分别取3种对照品适量，用流动相稀释至一定浓度，根据全波长扫描黄芩苷、黄芩素、汉黄芩苷，三者分别于275、277、273 nm波长处获得最大吸收峰，275 nm处对黄芩素、汉黄芩苷峰面积未显示明显影响，故本次实验将测定波长确定为275 nm。反相色谱常用的洗脱剂有甲醇和乙腈，实验过程中考察了甲醇-0.05%磷酸和乙腈-0.05%磷酸浓度作为流动相，发现甲醇做流动相没有明显的峰形，偏离基线，标准物质在规定时间内没有出峰。乙腈-0.05%磷酸洗脱能力更强，能够呈现更好的峰形，对称性好，各成分达到预期的分离效果。

实验考察了以水、甲醇、流动相分别溶解标准品和供试品溶液，检测发现水溶解对标准品和供试品色谱峰都有较大影响；甲醇溶解对标准品色谱峰影响不大，而供试品中目的峰出现偏移，色谱峰对称性不好；流动相(乙腈-0.05%磷酸)溶解时三种成分色谱峰保留时间短，色谱峰峰形好，但用流动相直接溶解标准品，溶液稳定性不好，因此标准品选用甲醇溶解制备储备液，流动相(乙腈-0.05%磷酸)作为最终稀释溶剂。

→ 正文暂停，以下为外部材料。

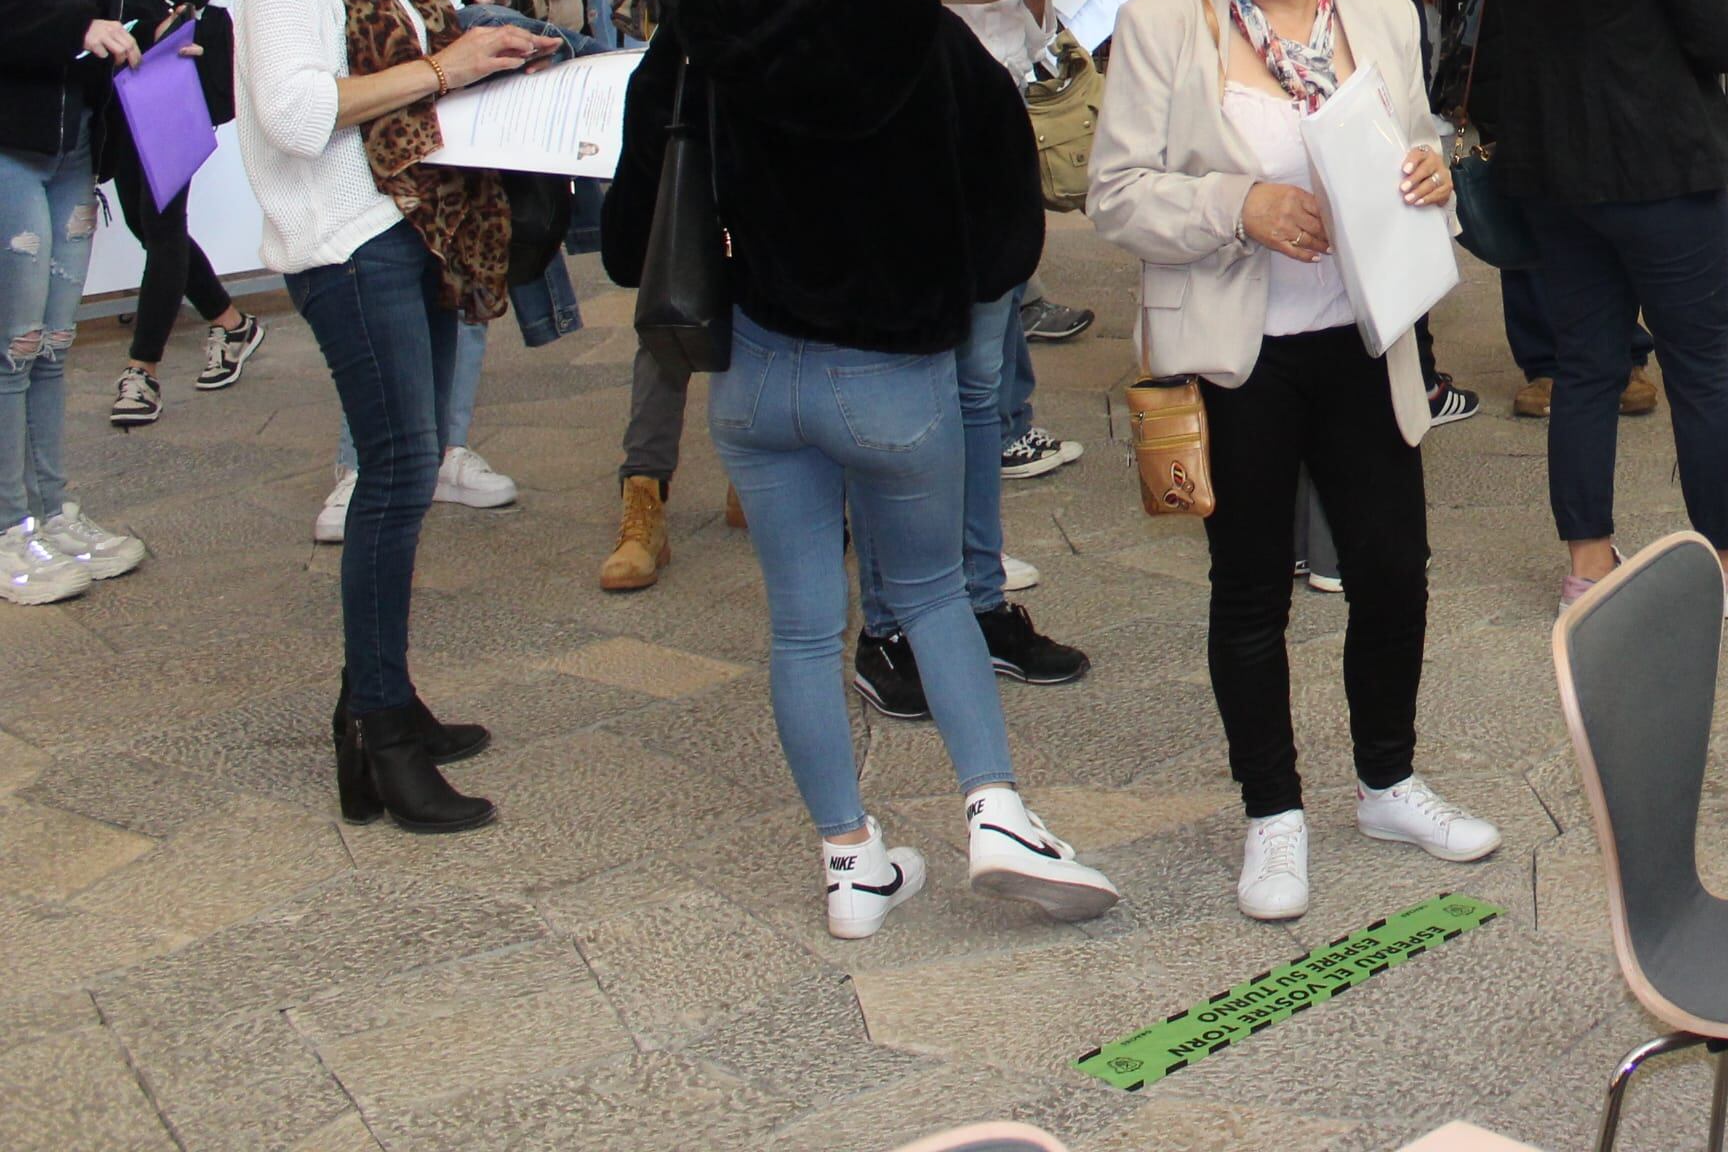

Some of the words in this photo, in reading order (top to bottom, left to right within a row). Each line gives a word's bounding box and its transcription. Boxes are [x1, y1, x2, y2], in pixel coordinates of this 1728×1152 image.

[829, 854, 859, 872] NIKE
[1305, 937, 1381, 973] ESPERE
[1354, 926, 1446, 968] ESPERAU
[1275, 970, 1309, 987] SU
[1323, 967, 1355, 982] EL
[1197, 985, 1279, 1023] TURNO
[1236, 982, 1328, 1024] VOSTRE
[1167, 1024, 1241, 1058] TORN

用20%、40%、60%、80%不同浓度乙醇及纯化水提取黄芩，发现不同提取液中三种成分的含量有显著差异。崔巍等[14]比较了黄芩50%、75%、95%醇提取液和水提取液中黄芩苷、黄芩素与汉黄芩苷含量，发现50%醇提取液中黄芩苷、汉黄芩苷两种成分含量最高，本研究中60%乙醇提取的黄芩中黄芩苷和汉黄芩苷含量最高，这与崔巍等研究结果相似；崔巍等发现95%醇提液中黄芩素含量最高，而本研究中水提取液中黄芩素含量最高，具体原因还有待于进一步研究。

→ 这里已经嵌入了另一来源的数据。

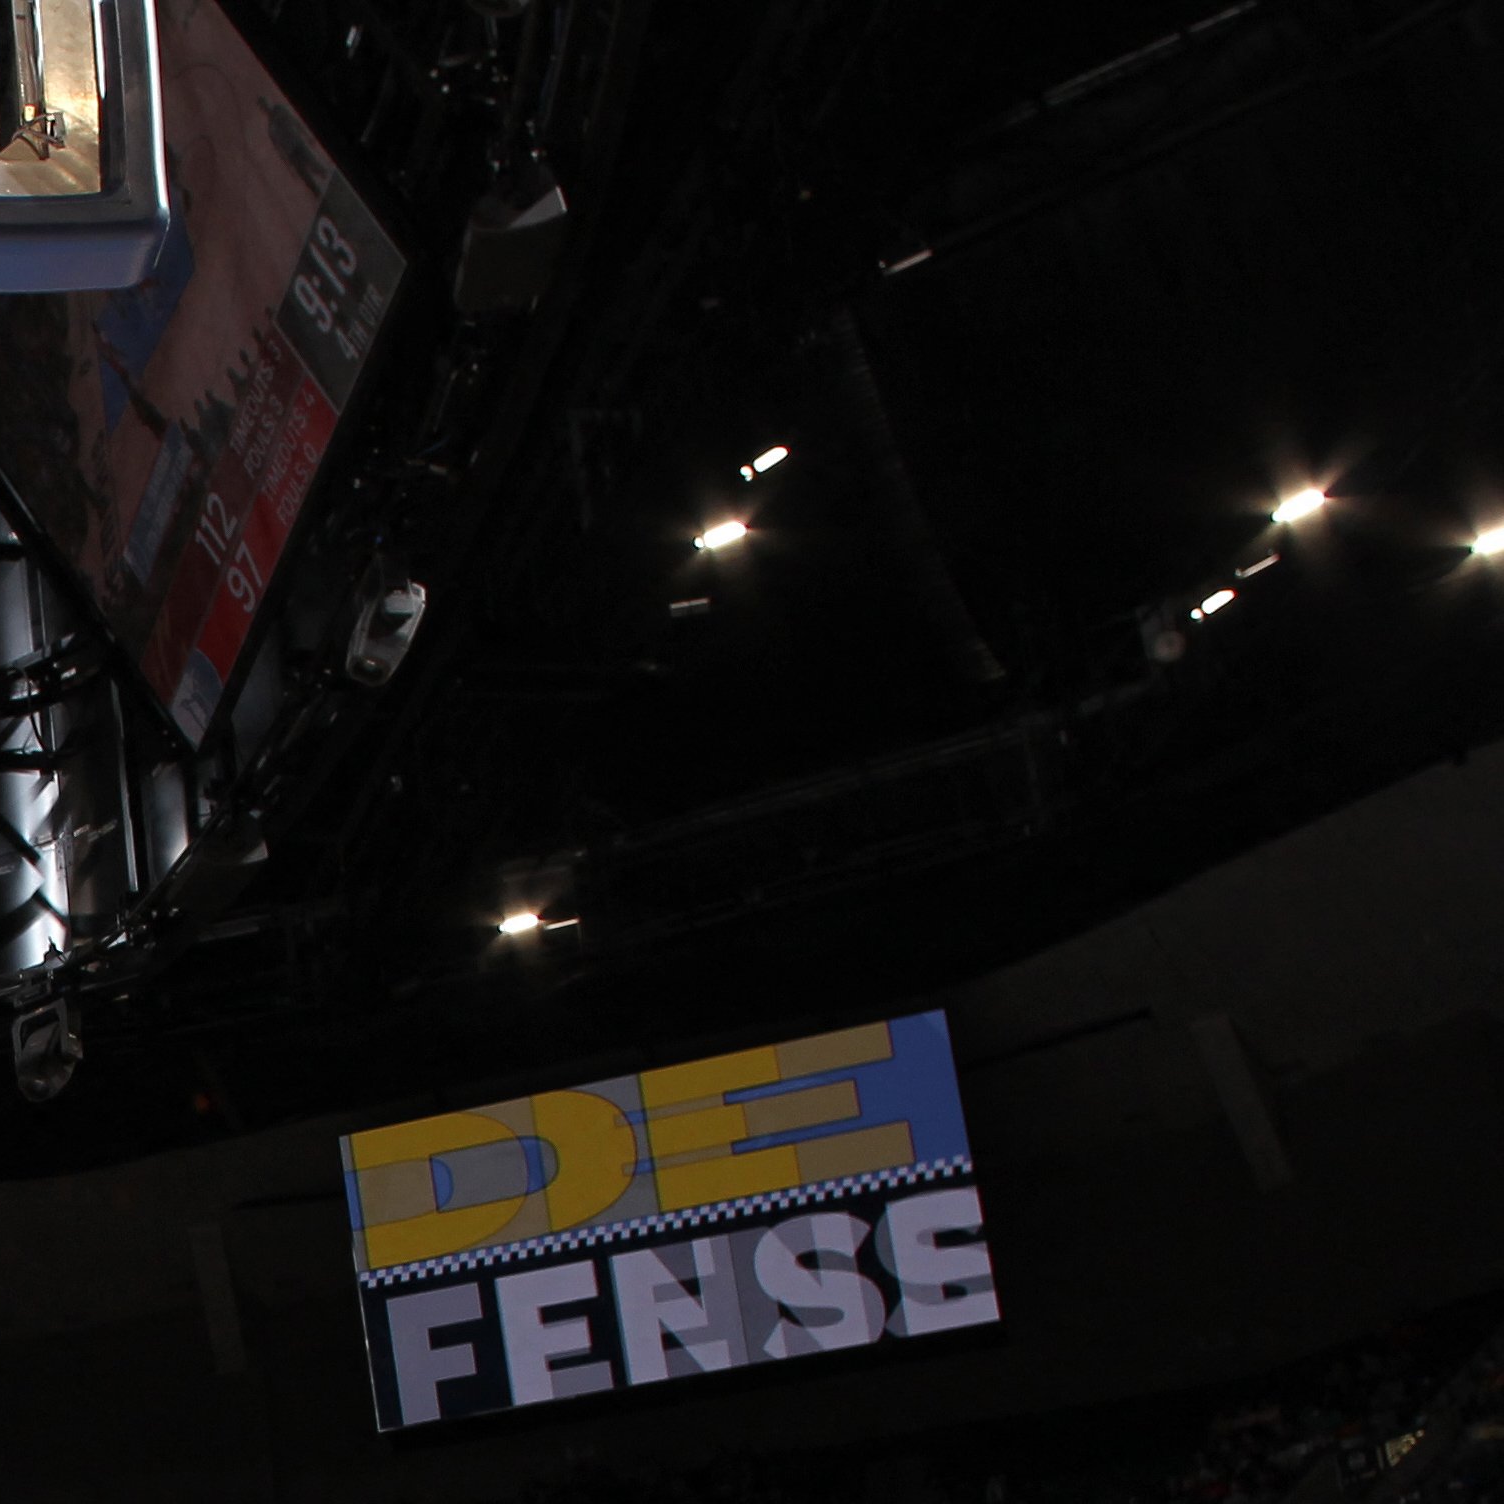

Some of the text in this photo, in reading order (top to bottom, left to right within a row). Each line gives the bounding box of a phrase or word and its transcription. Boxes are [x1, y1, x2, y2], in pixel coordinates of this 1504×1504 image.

[294, 215, 357, 334] 9:13
[194, 491, 239, 567] 112
[225, 540, 264, 614] 97

黄芩苷60%醇提取液中含量与谢苗苗等[11]报道一致，水提、醇提液中黄芩苷含量均低于文献[12-14]报道。黄芩素含量与管仁伟等[12]报道一致，明显低于文献[11,13-14]报道。汉黄芩苷含量比文献[12-14]报道含量都要低。三种成分含量的差异可能源自药材质量的差异。

综上所述，本研究建立的测定黄芩提取液中黄芩苷、黄芩素、汉黄芩苷含量的HPLC方法，简便准确，重现性好，灵敏度高，适合同时测定黄芩中黄芩苷、黄芩素、汉黄芩苷的含量，可作为黄芩质量控制的参考依据。60%乙醇提取有利于黄芩苷、汉黄芩苷的溶出，水直接提取有利于黄芩素的溶出。